Looking back over 2015 – Talking Point

Looking back over 2015 I think it has been a year of big wins for Hawkes Bay. It might not seem like it at first but to my mind I think we need to recall some of the significant events that happened.

  1. The people of Hawkes Bay rediscovered the value of commons with the revelation that our water was been given away to foreign corporations for export to China and other parts. I wonder how many will turn their hoses off when the next watering ban is imposed.
  2. Ngati Kahungunu Iwi Inc won a significant court case against HBRC. It made very clear that HBRC is legally obligated to maintain or enhance the quality of water in our aquifers. There is no wriggle room for HBRC to say a little more pollution here is ok if we improve water quality in a different place.
  3. After all appeals had been dealt with it was made clear that all farmers have to comply with the 0.8 dissolved nitrogen limit set out in Plan Change 6. It was especially gratifying to see that HBRC’s legal opinion differed from that of HBRIC’s. In essence dam customers do not have any more right to pollute the Tukituki than their neighbour. Perhaps this is why HBRIC is finding it so difficult to get farmers to sign up. This is the issue which is at the heart of the poacher turned game keeper scenario with HBRC being both promoter (through HBRIC) and regulator of the dam.
  4. It was pleasing to see the Hawke’s Bay Regional Planning Committee Bill pass through the committee stages in Parliament. For me it goes some way towards redressing the balance between the Treaty of Waitangi partners locally. I look forward to local Maori having a big say in future planning decisions.
  5. 2015 seemed to be the year for renaming. Ahuriri Hawkes Bay Airport sounds just as right to me as Perfume Point. Hawke’s Bay Fallen Soldiers’ Memorial Hospital, whilst a mouth full, recognises history in much the same as renaming Napier Hill Mataruahou does.
  6. TAG Oil’s intention to pull out of the East Coast spoke volumes about the fickle nature of this industry. One has to wonder why further offshore blocks are even been put out for tender. The most surprising thing about the oil & gas industry was Councillor Alan Dick arguing that having oil rigs ruining the vista of our pristine Hawke’s Bay horizon was not a problem.
  7. Hastings District Council’s decision to ban the use of GMOs in Hawkes Bay was a real boost for our local producers. It came as no surprise that lobby group Federated Farmers are appealing this decision. It speaks volumes for their leadership.
  8. The Parliamentary Commissioner for the Environment released a report showing that at its most benign sea level rise will directly effect 1,300 Napier properties, and potentially up to 8,000. This is not a do nothing issue. We need to take action now to alleviate the effects of climate change. Are we up to the challenge?
  9. The amalgamation debate was settled, but at the same time not settled. To me the proposal put before us was so illogical it proved to be a donkey. The way the debate became personal over time was disappointing as it detracted from the real issue of how much do we value local democracy?

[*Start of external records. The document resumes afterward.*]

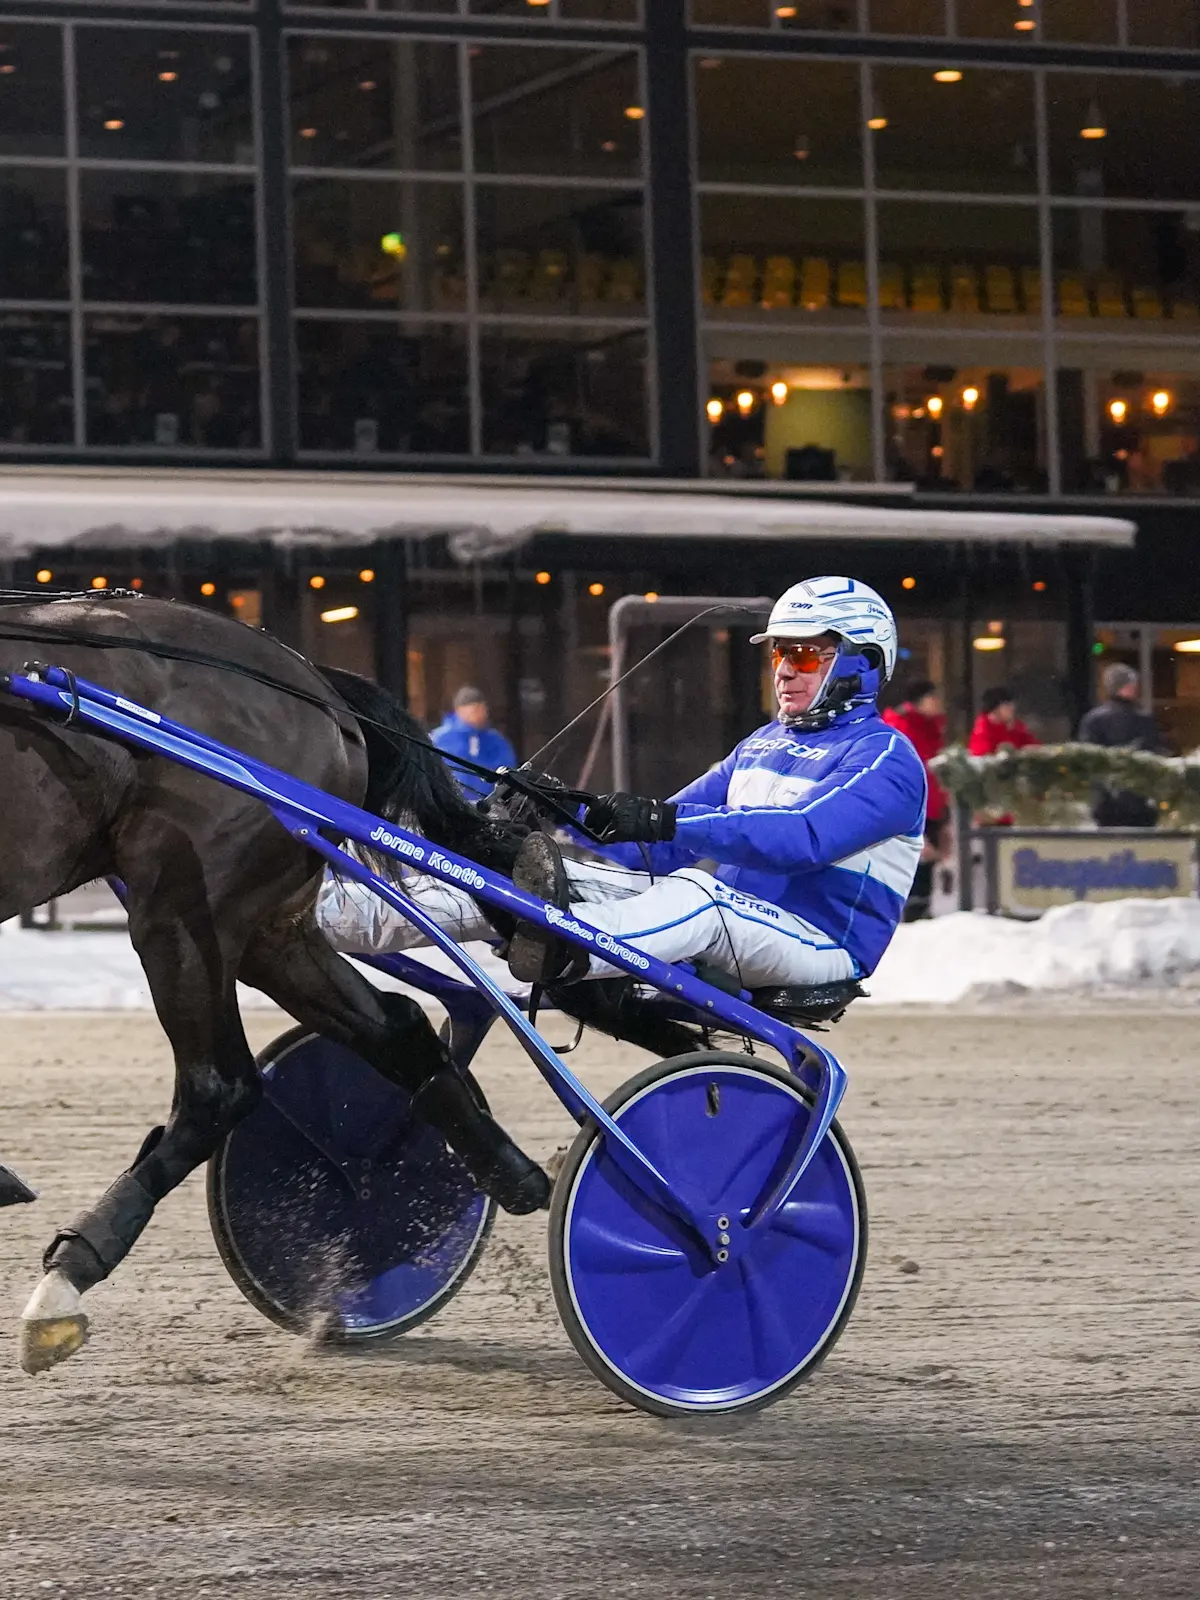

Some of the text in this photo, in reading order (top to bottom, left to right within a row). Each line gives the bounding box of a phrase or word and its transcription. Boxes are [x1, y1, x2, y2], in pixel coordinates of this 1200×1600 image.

[370, 826, 486, 890] Jorma Kontio
[543, 903, 650, 970] Custom Chrono
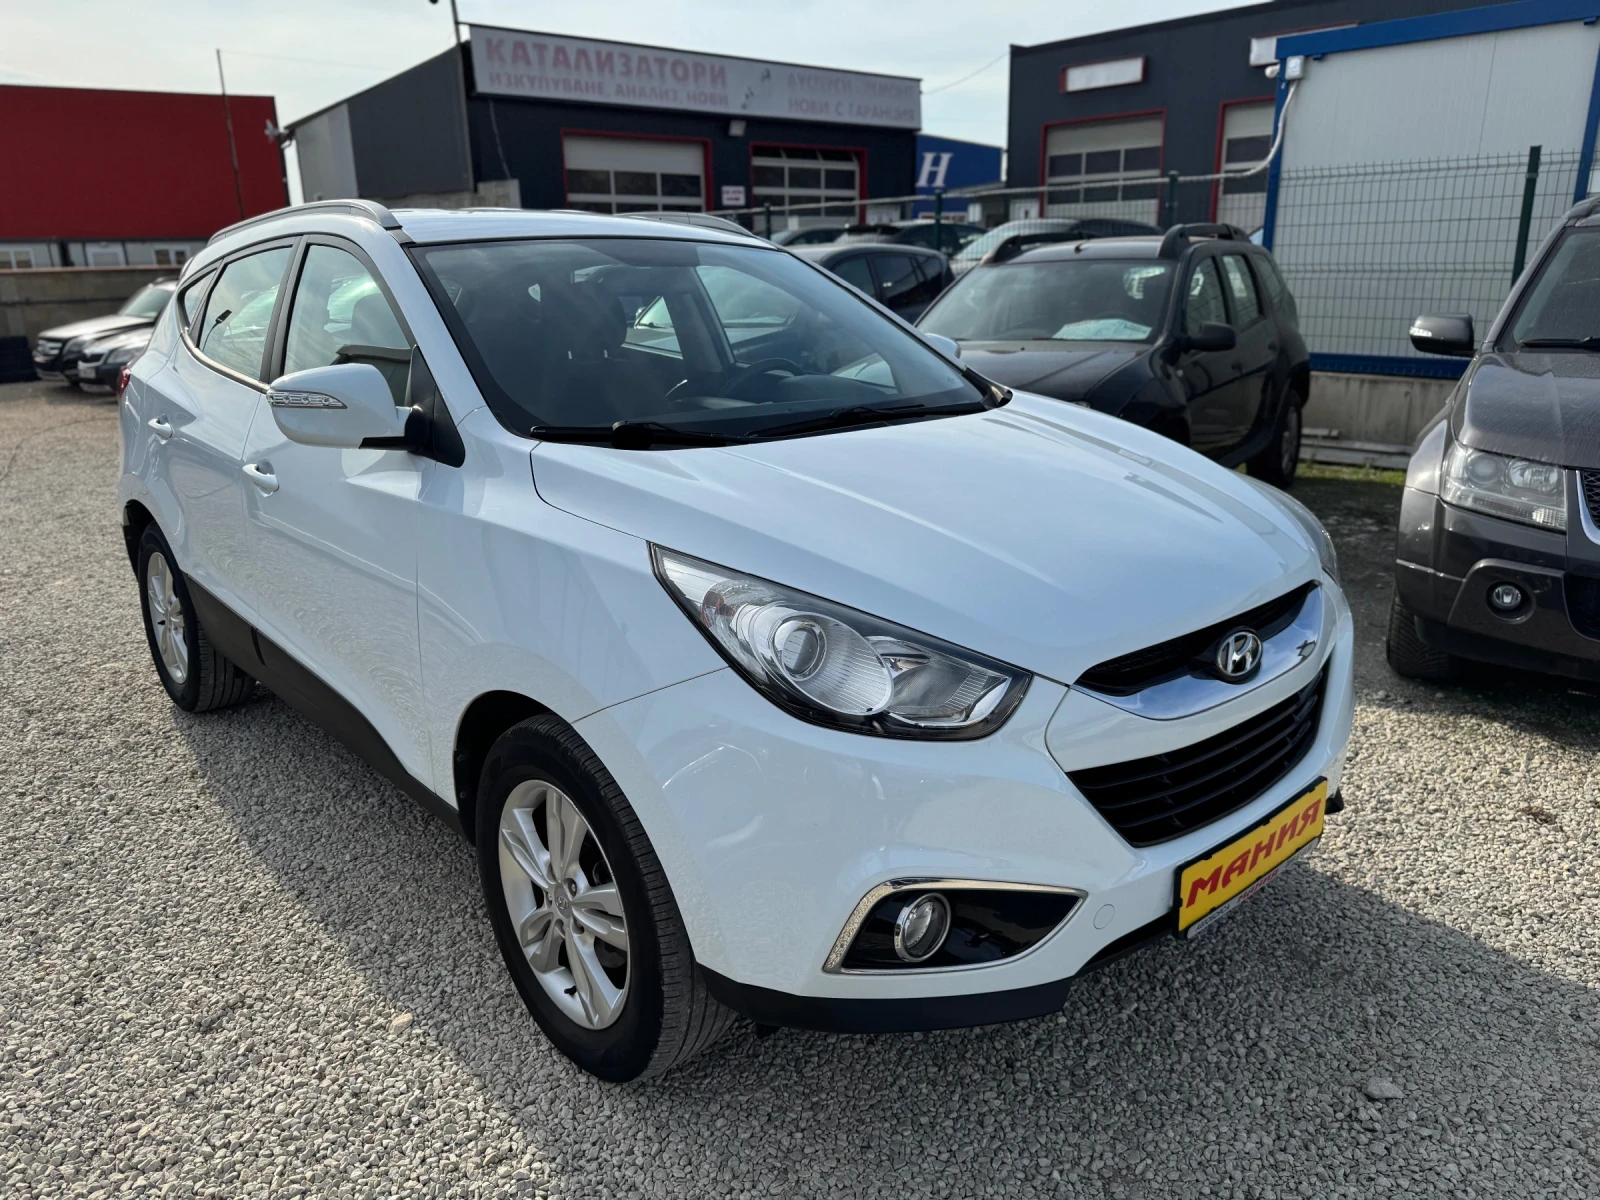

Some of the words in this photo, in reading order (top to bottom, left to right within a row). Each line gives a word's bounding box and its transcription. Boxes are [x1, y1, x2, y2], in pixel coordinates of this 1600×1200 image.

[485, 37, 728, 88] КАТАЛИЗАТОРИ
[915, 152, 954, 188] H
[1185, 798, 1322, 909] МАНИЯ
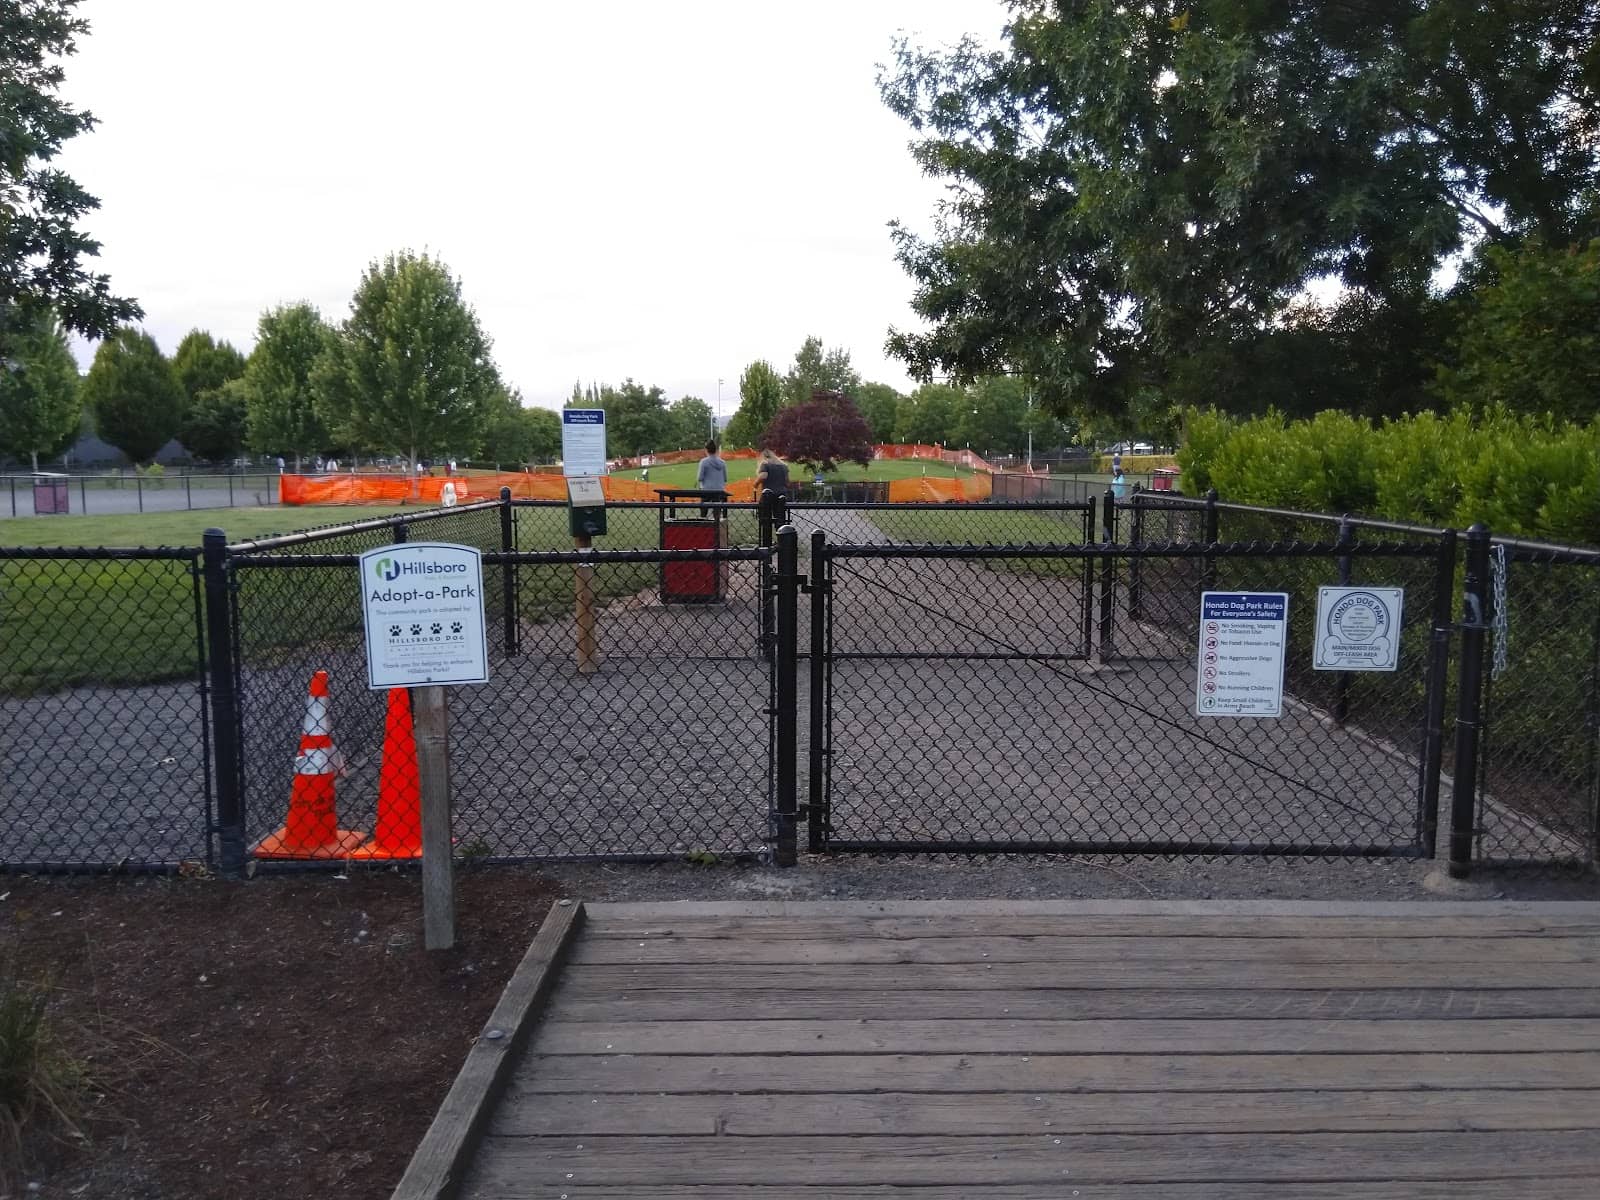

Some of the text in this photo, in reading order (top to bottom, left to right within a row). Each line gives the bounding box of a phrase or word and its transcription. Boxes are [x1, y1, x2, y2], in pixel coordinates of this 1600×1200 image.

Perhaps any future proposals will be far better thought out.
  10. Napier City council agreed to put a playground in at the Rose Garden. They also made a welcome adjustment to the Kennedy Road crossing at the Marewa Shops. This makes it safer to cross the road. Very local gains I know but then again it is the community I live in.

There are of course a number of unanswered questions looking forward to 2016. What will be final decision on the land swap deal? Will HBRIC ever sign up enough farmers? Will HBRIC find outside investors? Will Napier City Council take positive steps to stop 1,300 Napier properties being inundated by rising sea levels? Will the TANK group ever finish it’s deliberations?

But I think the million dollar question will be how will the people of Hawkes Bay react to these issues in the local body elections in 2016. Are they beginning to see what a financial and environmental risk the dam is to all rate payers of Hawkes Bay, and has the issue of the common right to use water sunk in enough. If these remain the big issues for Hawkes Bay for 2016 then I predict we will see changing of the guard at HBRC. Without the distraction of a Mayoral race in Napier who represents Napier around the Regional Council table will come to the fore. 19th century thinking, or 21st century thinking? It will be interesting to see.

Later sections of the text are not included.